Soil organic matter (SOM) is heterogeneous in structure and has been considered to consist of various pools with different intrinsic turnover rates. Although those pools have been conceptually ...expressed in models and analyzed according to soil physical and chemical properties, separation of SOM into component pools is still challenging. In this study, we conducted inverse analyses with data from a long-term (385 days) incubation experiment with two types of soil (from plant interspace and from underneath plants) to deconvolute soil carbon (C) efflux into different source pools. We analyzed the two datasets with one-, two- and three-pool models and used probability density functions as a criterion to judge the best model to fit the datasets. Our results indicated that soil C release trajectories over the 385 days of the incubation study were best modeled with a two-pool C model. For both soil types, released C within the first 10 days of the incubation study originated from the labile pool. Decomposition of C in the recalcitrant pool was modeled to contribute to the total CO 2 efflux by 9—11 % at the beginning of the incubation.
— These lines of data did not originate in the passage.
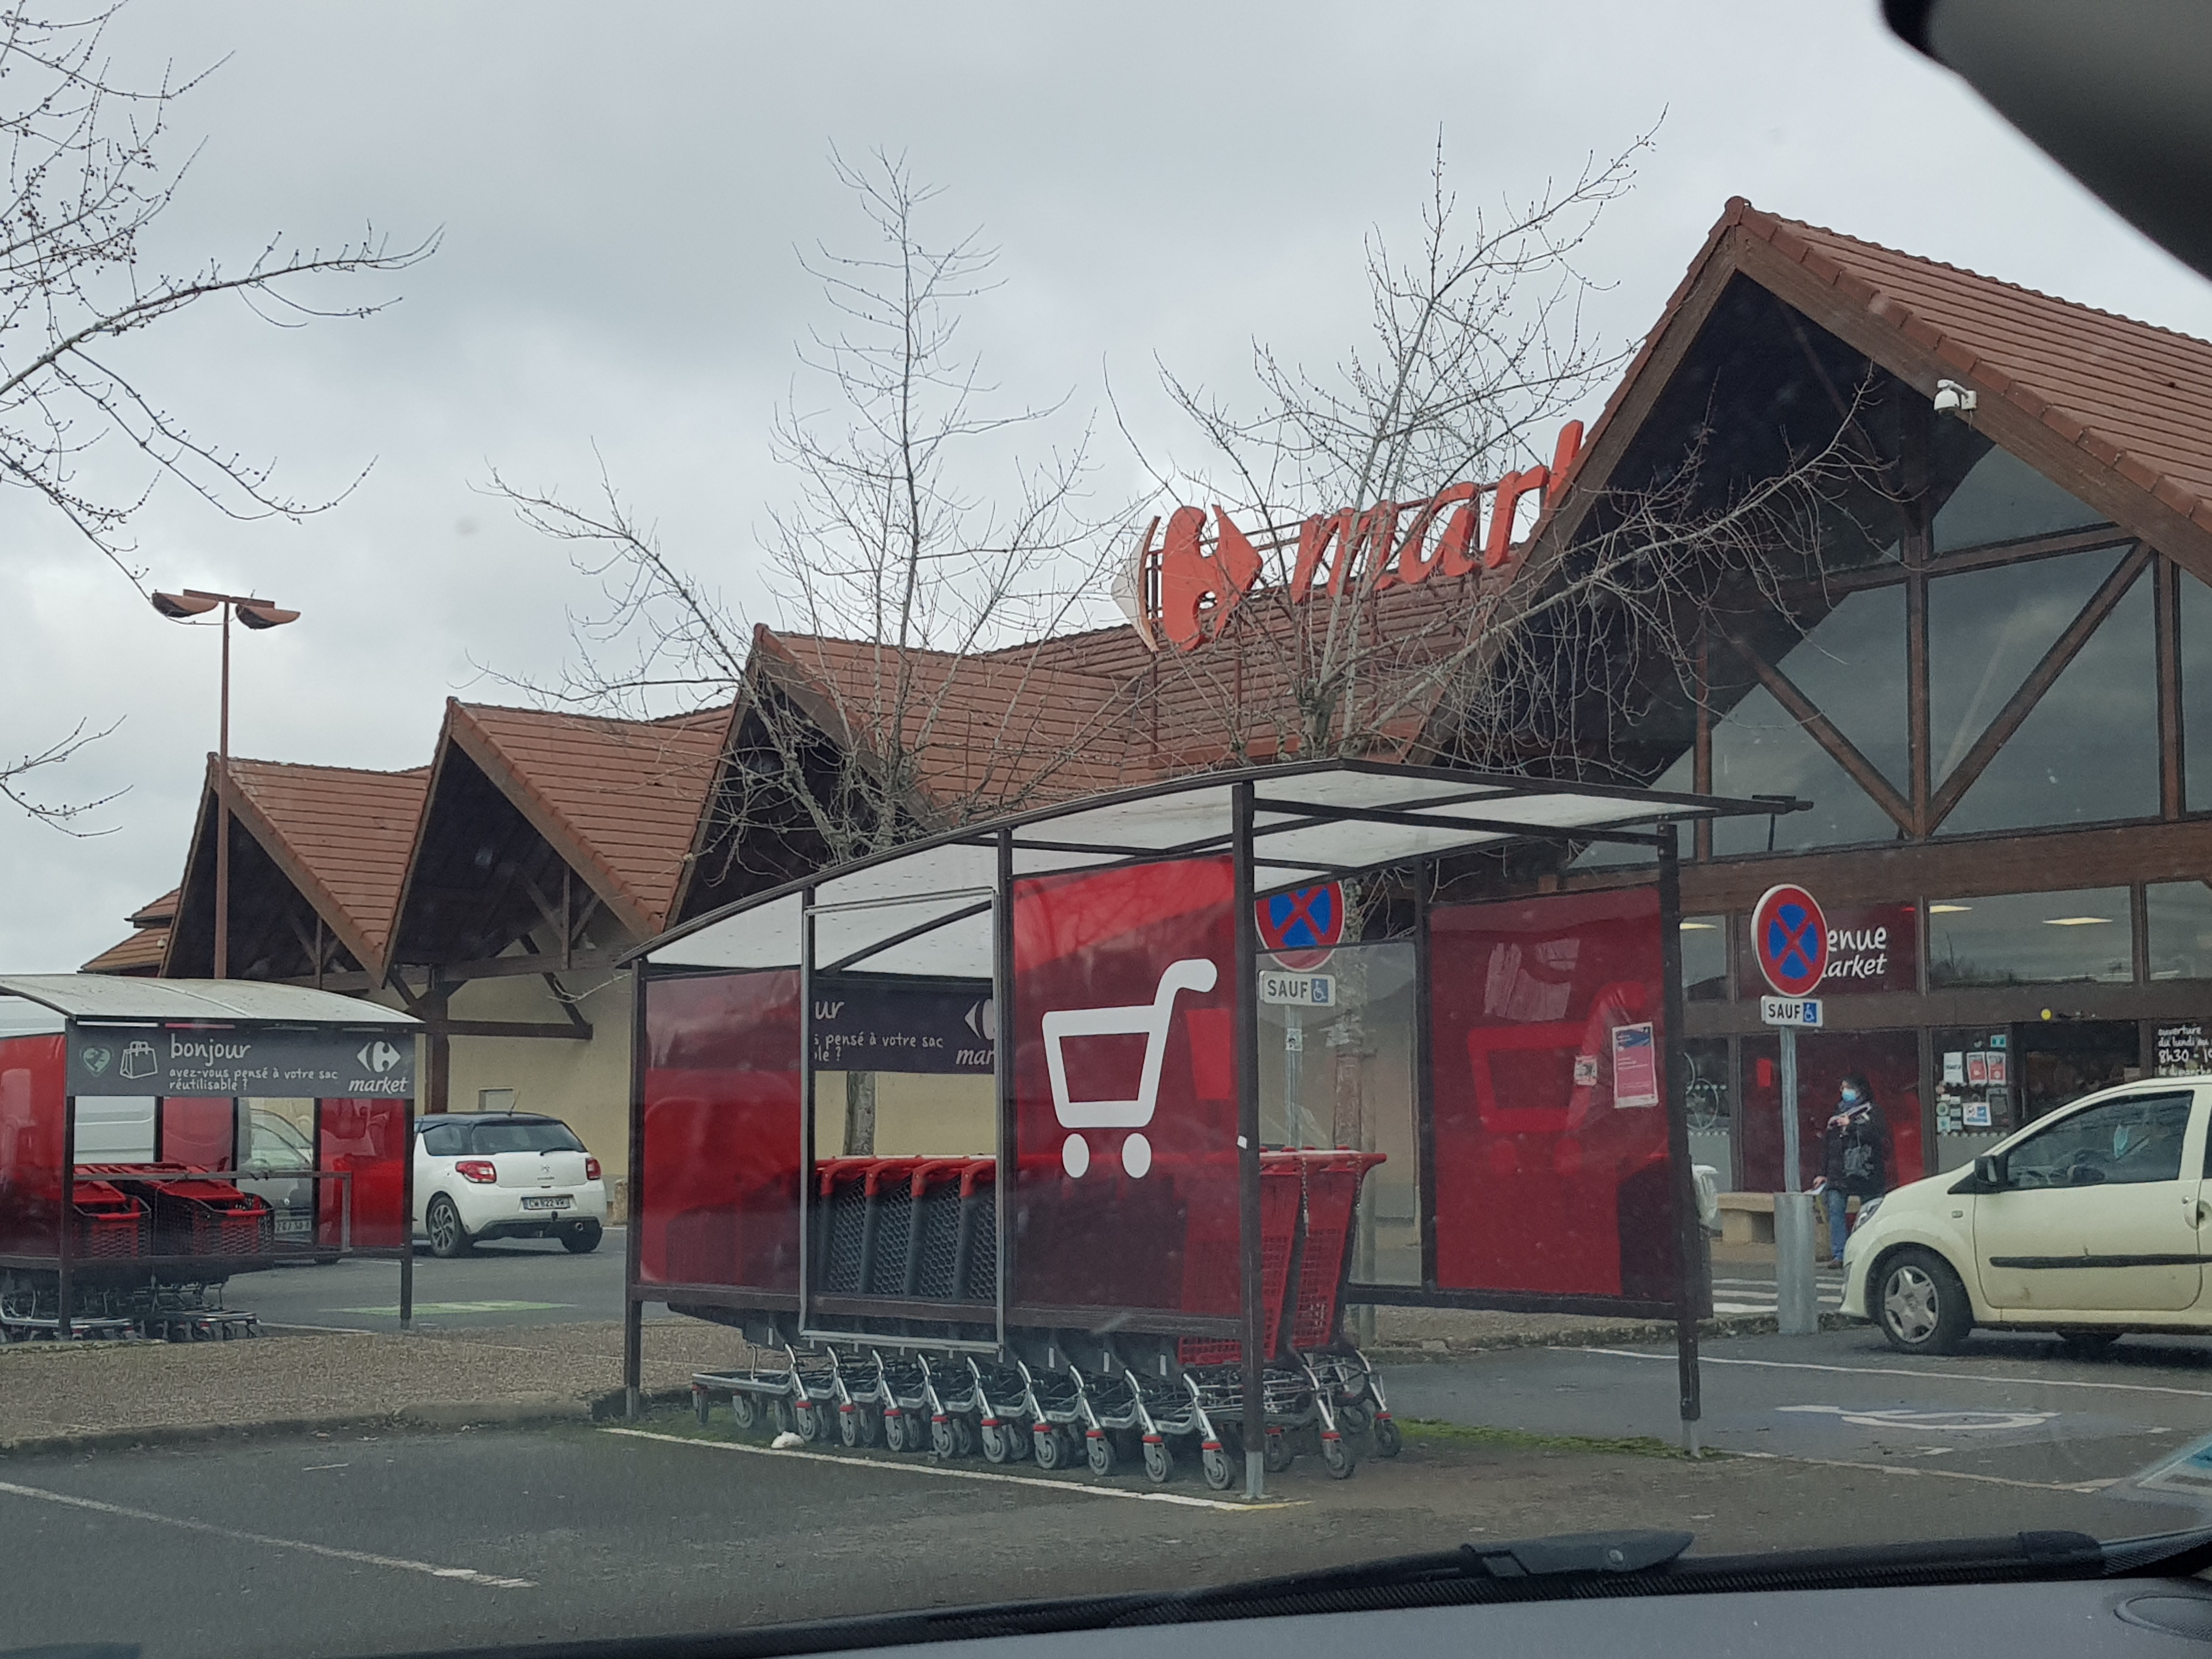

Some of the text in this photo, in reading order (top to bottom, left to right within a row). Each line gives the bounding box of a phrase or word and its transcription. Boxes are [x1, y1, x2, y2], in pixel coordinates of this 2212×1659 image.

[1822, 953, 1888, 978] arket
[1268, 979, 1308, 998] SAUF
[1768, 1003, 1801, 1019] SAUF
[171, 1032, 251, 1066] bonjour
[825, 1032, 864, 1050] pensé
[870, 1032, 877, 1046] à
[882, 1032, 917, 1047] votre
[922, 1040, 943, 1048] sac
[2158, 1048, 2189, 1063] 8h30
[170, 1067, 338, 1081] avez-vous pensé à votre sac
[170, 1078, 248, 1091] réutilisable ?
[348, 1076, 409, 1094] market
At the end of the experiment, 75—85 % of the initial soil organic carbon (SOC) was modeled to be released over the incubation period. Our modeling analysis also indicated that the labile C-pool in the soil underneath plants was larger than that in soil from interspace. This deconvolution analysis was based on information contained in incubation data to separate carbon pools and can facilitate integration of results from incubation experiments into ecosystem models with improved parameterization.